Enquanto passo o pó de café, finalizo um relatório importante, ou durante a faxina de todo o santo dia.
Entre uma música e outra no rádio, o silêncio abafa e escuto: fuja.
Levanto as sobrancelhas e olho pros lados.
Ufa.
Ninguém ouviu.
Esse desejo secreto, quase bandido, que faz da minha própria vida uma refém de mim mesmo.
O cotidiano é uma arma pressionada contra a minha cabeça.
Despertando às 7h, horários marcados.
Passa hora, passa dia, passa noite, continuo preso, sem ter aonde ir.
Ando em círculos numa cela do tamanho do mundo.
Tantas vias, mas tão complexas.
E esse meu destino, distante, que nem sei se existe.
Por um instante eu fico feliz.
Conquistei o que eu queria, beijei, escrevi, li, trabalhei, corri, comi, caguei.
Mas e depois A felicidade se esvai a cada meta alcançada.
Depois só me resta sonhar e esperar de novo pela alegria da realização.
No momento seguinte, acabou.
A felicidade não dura, sequer, um momento.
Minha vontade de ir embora é a plenitude da satisfação, pois a rotina calculada me embrulha o estômago.
“Bom dia, amor”.
“Deixei a chave embaixo do tapete”.
Mensagem por mensagem, deixo a mim mesmo embaixo do tapete.
Deixo o eu que quer viajar.
O eu sem hora pra voltar.
O eu que não depende de nada nem ninguém para fazer o que quiser.
É difícil ser fiel a uma rotina quando bem no fundo de mim sei que não pertenço a lugar nenhum.
Minhas roupas são escorregadias.
A cadeira em que almoço, desconfortável.
Até o sagrado quarto aonde descanso todas as noites é alugado.
Nada é meu.
Só o meu corpo me pertence, e ainda assim eu o maltrato.
Às vezes deixo de comer, aperto a cinta, raspo meus pelos como se não reconhecesse minha pele.
Vejo no espelho: ainda que eu fuja desta casa, continuaria preso num corpo limitado para as minhas expectativas.
Dia após dia, essa é a vida.
Medrosa que é, ela se esconde atrás de máscaras, abaixo de camadas de ossos, carne, pele e roupas.
Dia após dia, se camufla da morte por debaixo das músicas do rádio, barulho d’água monótona na pia e das vozes que abafam o silêncio.
A vida é a insatisfação que grita no silêncio.
Mas não a ouço direito pelo meu próprio medo de viver.
E assim eu me acostumei a morrer dia após dia.

A DURAS PENAS
Lara barganhou o Mothorhome por meses, antes de adquiri lo.
Era um trailer pequeno, com a mesinha, armários envernizados, o frigobar e a cama.

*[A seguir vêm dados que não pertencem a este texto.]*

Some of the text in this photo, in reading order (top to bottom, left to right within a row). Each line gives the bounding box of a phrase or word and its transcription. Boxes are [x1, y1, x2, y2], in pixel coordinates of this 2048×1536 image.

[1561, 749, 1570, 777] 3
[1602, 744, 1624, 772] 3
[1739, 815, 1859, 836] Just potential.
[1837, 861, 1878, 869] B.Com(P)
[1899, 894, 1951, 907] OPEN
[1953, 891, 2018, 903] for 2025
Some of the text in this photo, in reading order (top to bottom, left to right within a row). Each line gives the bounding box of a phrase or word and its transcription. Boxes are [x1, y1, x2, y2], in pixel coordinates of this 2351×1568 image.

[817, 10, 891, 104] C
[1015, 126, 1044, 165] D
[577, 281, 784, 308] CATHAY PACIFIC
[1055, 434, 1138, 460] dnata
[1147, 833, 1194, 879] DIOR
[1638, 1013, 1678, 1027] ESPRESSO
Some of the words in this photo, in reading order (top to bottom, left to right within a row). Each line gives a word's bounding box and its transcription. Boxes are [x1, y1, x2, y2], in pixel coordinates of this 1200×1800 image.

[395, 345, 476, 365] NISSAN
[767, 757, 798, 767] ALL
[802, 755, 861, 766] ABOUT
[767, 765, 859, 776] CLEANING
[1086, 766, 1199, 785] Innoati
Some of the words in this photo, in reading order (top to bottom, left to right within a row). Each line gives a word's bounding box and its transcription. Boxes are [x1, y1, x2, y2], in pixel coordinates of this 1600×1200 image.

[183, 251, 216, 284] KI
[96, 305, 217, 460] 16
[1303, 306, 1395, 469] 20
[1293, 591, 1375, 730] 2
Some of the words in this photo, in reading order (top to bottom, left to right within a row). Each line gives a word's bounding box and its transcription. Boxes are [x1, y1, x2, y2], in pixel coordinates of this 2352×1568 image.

Mas não importava se fosse simples, sujo ou claustrofóbico.
Bastava para ir embora.
Encheu o com tudo o que tinha e, em apenas três dias, partiu em busca de um sonho.
Ao pisar no acelerador, deixou para trás o marido.
Se conheceram no ensino médio, casaram se cedo e construíram uma cerca branca aos trinta.
Aí começaram as bebedeiras, chegadas tardias, brigas, mágoas e o silêncio.
Passaram a trocar poucas palavras entre si.
Lara não podia dizer o que pensava, pois isso colocaria em risco o relacionamento e ela nada seria sem ele.
Foram anos de um vazio que ela viveu sabe se lá porque.
Viveu não, suportou.
Servia a ele como uma empregada durante o dia e boneca inflável durante a noite.
Lavava as roupas e o ouvia reclamar sobre tudo, como se ele tivesse uma vida terrível.
Ela queria dizer o que sentia sobre o dia.
Reclamar da queimadura no dedo, da roupa manchada ou dos cães que cagavam por tudo.
Mas ao abrir a boca, temia.
Que ele se cansasse, retrucasse ou ignorasse.
O que era dela sem ele afinal
O pior era quando ele partia, pois nada sobrava para fazer.
Não tinha com quem conversar, a quem servir.
A ambição de tornar se fotógrafa ficara na faculdade.
As amigas com quem conversava já tinham suas próprias vidas, bem longe dali.
Lara fora proibida de falar com elas há muito.
Depois foi, aos poucos, sufocando a si mesma.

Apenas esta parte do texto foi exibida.